_REQUIRED ACTION_.
Restating every entry exactly is the whole task.

_INPUT DATA_.
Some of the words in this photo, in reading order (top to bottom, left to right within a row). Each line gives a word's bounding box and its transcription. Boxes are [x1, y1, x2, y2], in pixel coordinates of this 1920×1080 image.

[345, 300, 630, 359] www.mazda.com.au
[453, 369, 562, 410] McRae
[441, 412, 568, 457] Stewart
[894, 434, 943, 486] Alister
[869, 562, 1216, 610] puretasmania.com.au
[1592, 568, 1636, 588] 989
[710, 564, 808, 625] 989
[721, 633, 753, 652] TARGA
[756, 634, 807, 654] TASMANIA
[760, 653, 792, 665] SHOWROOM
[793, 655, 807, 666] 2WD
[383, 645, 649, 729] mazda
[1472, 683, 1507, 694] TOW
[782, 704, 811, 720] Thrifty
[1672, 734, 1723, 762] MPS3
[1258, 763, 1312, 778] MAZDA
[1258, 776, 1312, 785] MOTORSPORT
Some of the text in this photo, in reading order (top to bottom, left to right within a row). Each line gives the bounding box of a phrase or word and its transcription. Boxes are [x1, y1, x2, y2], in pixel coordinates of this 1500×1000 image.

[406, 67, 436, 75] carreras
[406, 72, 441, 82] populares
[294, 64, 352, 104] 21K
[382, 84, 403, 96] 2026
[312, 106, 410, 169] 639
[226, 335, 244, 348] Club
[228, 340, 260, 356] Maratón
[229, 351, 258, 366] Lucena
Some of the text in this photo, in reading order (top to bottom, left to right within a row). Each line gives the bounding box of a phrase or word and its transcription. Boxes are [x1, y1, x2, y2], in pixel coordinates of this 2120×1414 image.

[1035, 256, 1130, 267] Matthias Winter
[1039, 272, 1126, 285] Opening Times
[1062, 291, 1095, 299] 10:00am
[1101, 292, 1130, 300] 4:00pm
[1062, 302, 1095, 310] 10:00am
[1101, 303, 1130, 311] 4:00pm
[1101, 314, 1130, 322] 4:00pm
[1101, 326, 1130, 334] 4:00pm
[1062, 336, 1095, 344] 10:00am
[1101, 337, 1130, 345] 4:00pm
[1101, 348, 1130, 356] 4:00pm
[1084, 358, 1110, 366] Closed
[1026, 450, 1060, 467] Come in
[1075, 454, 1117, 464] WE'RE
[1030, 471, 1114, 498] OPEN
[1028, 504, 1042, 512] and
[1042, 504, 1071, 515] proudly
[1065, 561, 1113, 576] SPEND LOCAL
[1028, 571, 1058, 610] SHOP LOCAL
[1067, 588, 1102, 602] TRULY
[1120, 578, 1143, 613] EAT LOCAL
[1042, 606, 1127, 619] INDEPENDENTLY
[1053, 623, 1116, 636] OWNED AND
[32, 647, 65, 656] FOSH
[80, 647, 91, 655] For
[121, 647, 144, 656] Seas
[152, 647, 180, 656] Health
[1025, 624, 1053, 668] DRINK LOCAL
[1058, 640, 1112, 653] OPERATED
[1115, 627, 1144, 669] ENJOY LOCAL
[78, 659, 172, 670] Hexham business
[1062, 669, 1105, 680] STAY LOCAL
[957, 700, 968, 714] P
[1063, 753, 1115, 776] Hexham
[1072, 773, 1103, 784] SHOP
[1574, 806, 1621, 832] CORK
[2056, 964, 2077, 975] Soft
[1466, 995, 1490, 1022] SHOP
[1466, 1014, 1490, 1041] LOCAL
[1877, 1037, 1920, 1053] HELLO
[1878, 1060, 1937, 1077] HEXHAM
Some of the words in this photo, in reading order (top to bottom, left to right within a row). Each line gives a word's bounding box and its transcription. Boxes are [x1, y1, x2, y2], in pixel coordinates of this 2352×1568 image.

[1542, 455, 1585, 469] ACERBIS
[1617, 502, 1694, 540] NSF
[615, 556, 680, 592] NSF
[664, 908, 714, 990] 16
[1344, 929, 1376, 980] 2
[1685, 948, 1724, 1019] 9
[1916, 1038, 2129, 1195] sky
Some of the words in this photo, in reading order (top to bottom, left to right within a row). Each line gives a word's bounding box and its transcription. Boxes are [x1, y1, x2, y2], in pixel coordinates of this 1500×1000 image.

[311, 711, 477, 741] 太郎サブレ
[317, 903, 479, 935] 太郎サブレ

_ANSWER TO THIS PROBLEM_.
Some of the words in this photo, in reading order (top to bottom, left to right within a row). Each line gives a word's bounding box and its transcription. Boxes are [x1, y1, x2, y2], in pixel coordinates of this 1920×1080 image.

[345, 300, 630, 359] www.mazda.com.au
[453, 369, 562, 410] McRae
[441, 412, 568, 457] Stewart
[894, 434, 943, 486] Alister
[869, 562, 1216, 610] puretasmania.com.au
[1592, 568, 1636, 588] 989
[710, 564, 808, 625] 989
[721, 633, 753, 652] TARGA
[756, 634, 807, 654] TASMANIA
[760, 653, 792, 665] SHOWROOM
[793, 655, 807, 666] 2WD
[383, 645, 649, 729] mazda
[1472, 683, 1507, 694] TOW
[782, 704, 811, 720] Thrifty
[1672, 734, 1723, 762] MPS3
[1258, 763, 1312, 778] MAZDA
[1258, 776, 1312, 785] MOTORSPORT
Some of the text in this photo, in reading order (top to bottom, left to right within a row). Each line gives the bounding box of a phrase or word and its transcription. Boxes are [x1, y1, x2, y2], in pixel coordinates of this 1500×1000 image.

[406, 67, 436, 75] carreras
[406, 72, 441, 82] populares
[294, 64, 352, 104] 21K
[382, 84, 403, 96] 2026
[312, 106, 410, 169] 639
[226, 335, 244, 348] Club
[228, 340, 260, 356] Maratón
[229, 351, 258, 366] Lucena
Some of the text in this photo, in reading order (top to bottom, left to right within a row). Each line gives the bounding box of a phrase or word and its transcription. Boxes are [x1, y1, x2, y2], in pixel coordinates of this 2120×1414 image.

[1035, 256, 1130, 267] Matthias Winter
[1039, 272, 1126, 285] Opening Times
[1062, 291, 1095, 299] 10:00am
[1101, 292, 1130, 300] 4:00pm
[1062, 302, 1095, 310] 10:00am
[1101, 303, 1130, 311] 4:00pm
[1101, 314, 1130, 322] 4:00pm
[1101, 326, 1130, 334] 4:00pm
[1062, 336, 1095, 344] 10:00am
[1101, 337, 1130, 345] 4:00pm
[1101, 348, 1130, 356] 4:00pm
[1084, 358, 1110, 366] Closed
[1026, 450, 1060, 467] Come in
[1075, 454, 1117, 464] WE'RE
[1030, 471, 1114, 498] OPEN
[1028, 504, 1042, 512] and
[1042, 504, 1071, 515] proudly
[1065, 561, 1113, 576] SPEND LOCAL
[1028, 571, 1058, 610] SHOP LOCAL
[1067, 588, 1102, 602] TRULY
[1120, 578, 1143, 613] EAT LOCAL
[1042, 606, 1127, 619] INDEPENDENTLY
[1053, 623, 1116, 636] OWNED AND
[32, 647, 65, 656] FOSH
[80, 647, 91, 655] For
[121, 647, 144, 656] Seas
[152, 647, 180, 656] Health
[1025, 624, 1053, 668] DRINK LOCAL
[1058, 640, 1112, 653] OPERATED
[1115, 627, 1144, 669] ENJOY LOCAL
[78, 659, 172, 670] Hexham business
[1062, 669, 1105, 680] STAY LOCAL
[957, 700, 968, 714] P
[1063, 753, 1115, 776] Hexham
[1072, 773, 1103, 784] SHOP
[1574, 806, 1621, 832] CORK
[2056, 964, 2077, 975] Soft
[1466, 995, 1490, 1022] SHOP
[1466, 1014, 1490, 1041] LOCAL
[1877, 1037, 1920, 1053] HELLO
[1878, 1060, 1937, 1077] HEXHAM
Some of the words in this photo, in reading order (top to bottom, left to right within a row). Each line gives a word's bounding box and its transcription. Boxes are [x1, y1, x2, y2], in pixel coordinates of this 2352×1568 image.

[1542, 455, 1585, 469] ACERBIS
[1617, 502, 1694, 540] NSF
[615, 556, 680, 592] NSF
[664, 908, 714, 990] 16
[1344, 929, 1376, 980] 2
[1685, 948, 1724, 1019] 9
[1916, 1038, 2129, 1195] sky
Some of the words in this photo, in reading order (top to bottom, left to right within a row). Each line gives a word's bounding box and its transcription. Boxes are [x1, y1, x2, y2], in pixel coordinates of this 1500×1000 image.

[311, 711, 477, 741] 太郎サブレ
[317, 903, 479, 935] 太郎サブレ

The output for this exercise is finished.